:: About this exercise ::
The records below must be written out exactly, with every picture left behind.

:: Records excerpted from a collection ::
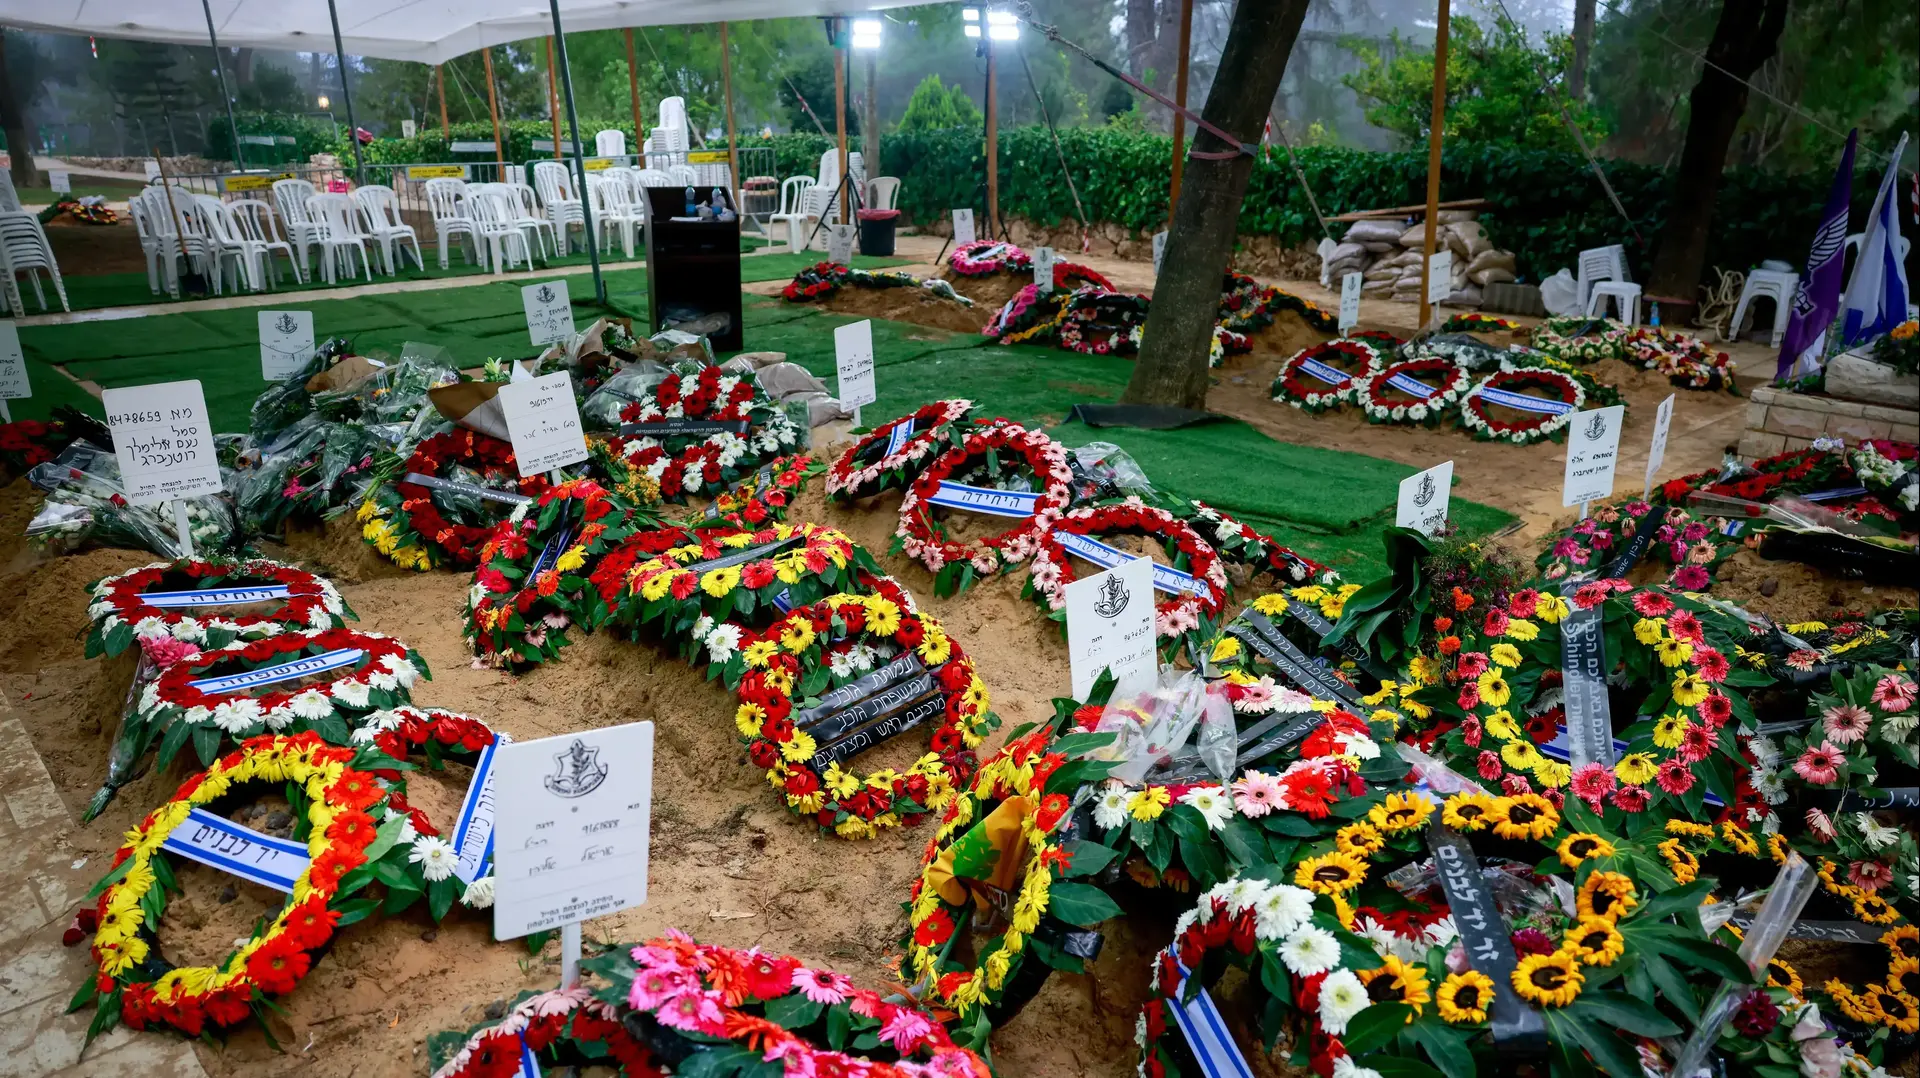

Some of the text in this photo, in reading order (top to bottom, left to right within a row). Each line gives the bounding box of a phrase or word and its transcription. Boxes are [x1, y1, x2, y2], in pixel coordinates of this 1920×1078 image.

[109, 411, 161, 426] 8478659
[171, 425, 197, 437] סמל
[141, 450, 196, 467] רוטנברג
[177, 438, 198, 449] נעם
[961, 490, 1020, 508] היחידה
[191, 589, 274, 603] היחידה
[220, 656, 327, 688] המשפחה
[1265, 627, 1344, 691] ומשפחת גולני
[1566, 622, 1585, 701] Schindler
[829, 656, 914, 709] עמותת גולני
[836, 679, 926, 732] ומשפחת גולני
[815, 697, 946, 768] מרכינים ראש ומצדיעים
[192, 824, 279, 863] יד לבנים
[1437, 845, 1479, 902] לבנים

:: Output of the exercise ::
Some of the text in this photo, in reading order (top to bottom, left to right within a row). Each line gives the bounding box of a phrase or word and its transcription. Boxes are [x1, y1, x2, y2], in pixel coordinates of this 1920×1078 image.

[109, 411, 161, 426] 8478659
[171, 425, 197, 437] סמל
[141, 450, 196, 467] רוטנברג
[177, 438, 198, 449] נעם
[961, 490, 1020, 508] היחידה
[191, 589, 274, 603] היחידה
[220, 656, 327, 688] המשפחה
[1265, 627, 1344, 691] ומשפחת גולני
[1566, 622, 1585, 701] Schindler
[829, 656, 914, 709] עמותת גולני
[836, 679, 926, 732] ומשפחת גולני
[815, 697, 946, 768] מרכינים ראש ומצדיעים
[192, 824, 279, 863] יד לבנים
[1437, 845, 1479, 902] לבנים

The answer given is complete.